L’accord, trouvé à l’issue de deux ans de négociations entamées après une résolution pressante de l’ONU, a aussitôt été salué par le président américain, Joe Biden. Cette base − au positionnement stratégique entre l’Europe, l’Inde et la Chine − joue « un rôle essentiel dans la sécurité nationale, régionale et mondiale », a-t-il souligné, se réjouissant que l’accord permette de « garantir son bon fonctionnement au cours du siècle prochain ».

Dans une déclaration commune des gouvernements britannique et mauricien, Londres reconnaît la souveraineté de l’île Maurice sur les îles Chagos. Mais « pendant une période initiale de quatre-vingt-dix-neuf ans », le Royaume-Uni sera « autorisé à exercer des droits souverains » sur Diego Garcia, « pour assurer la poursuite de l’exploitation de la base ». « Trois octobre 2024. Un jour inoubliable. Un jour pour commémorer la pleine souveraineté de la République de Maurice sur l’intégralité de son territoire », s’est réjoui sur X le ministre des affaires étrangères mauricien, Maneesh Gobin.

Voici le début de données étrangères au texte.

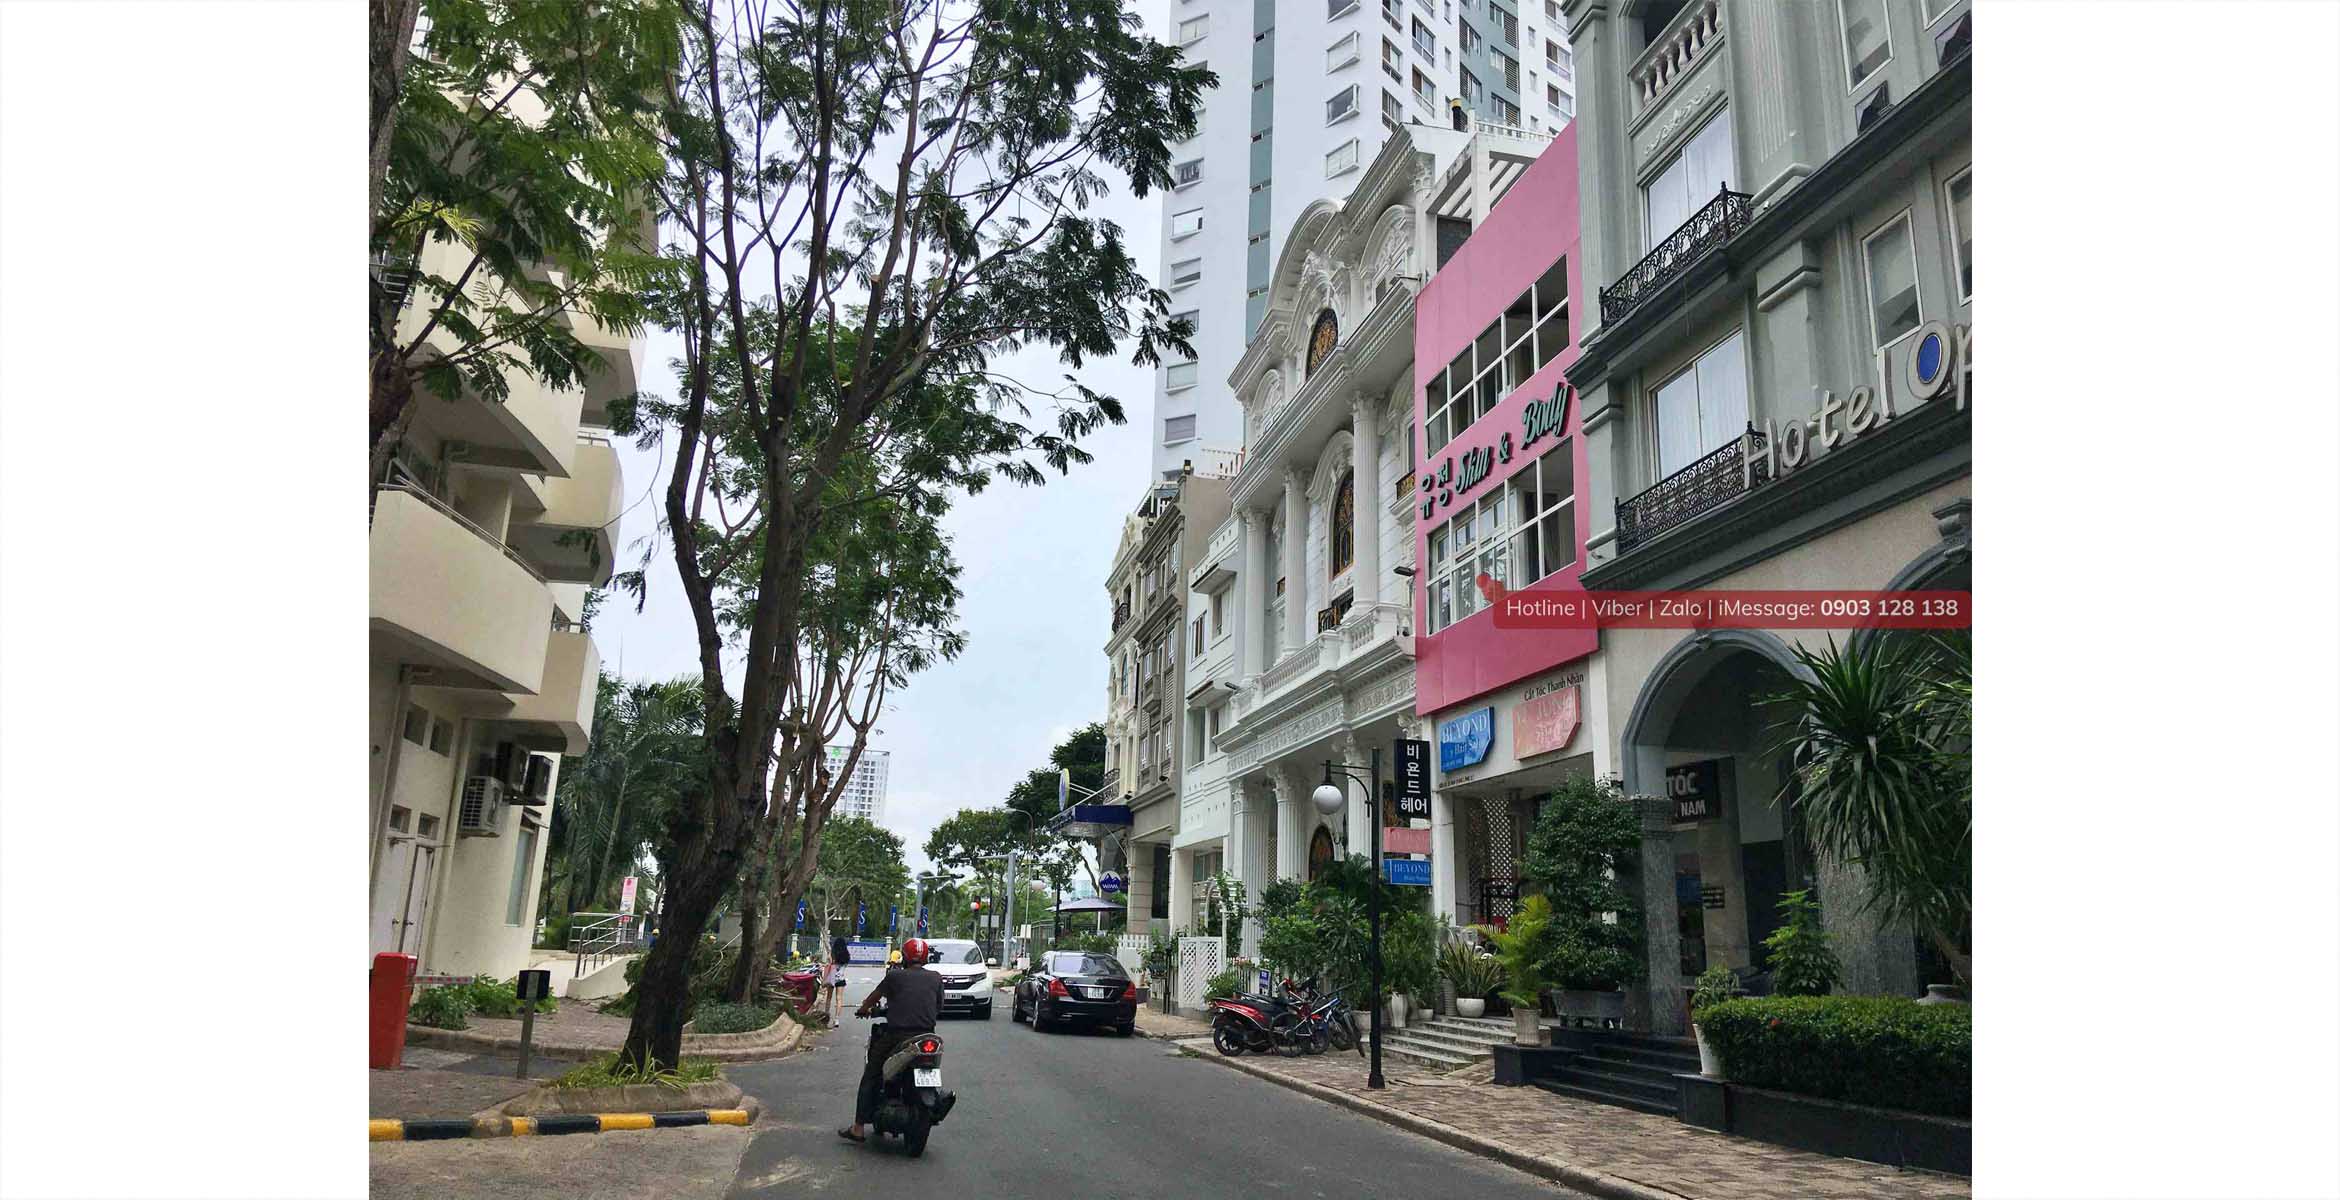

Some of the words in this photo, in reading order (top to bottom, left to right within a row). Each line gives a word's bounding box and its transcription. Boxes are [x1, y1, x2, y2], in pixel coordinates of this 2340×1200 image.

[1522, 384, 1572, 448] Body
[1742, 346, 1896, 490] Hotel
[1420, 457, 1452, 520] 유정
[1442, 714, 1487, 744] BEYOND
[1406, 743, 1421, 794] 비욘드
[1400, 797, 1427, 815] 헤어
[1680, 799, 1706, 817] NAM
[1394, 863, 1430, 874] BEYOND

L’archipel des Chagos, composé d’une cinquantaine d’îles paradisiaques isolées au milieu de l’océan Indien, est au cœur d’un litige territorial depuis près de soixante ans. Il est administré depuis 1965 par Londres, qui y a installé une base militaire commune avec les Etats-Unis sur l’île principale, Diego Garcia. Maurice, qui a obtenu son indépendance en 1968, revendiquait le territoire des Chagos et demandait le retour de l’archipel dans son giron. Des négociations sur la souveraineté de l’archipel ont débuté fin 2022 avec le gouvernement conservateur alors au pouvoir au Royaume-Uni.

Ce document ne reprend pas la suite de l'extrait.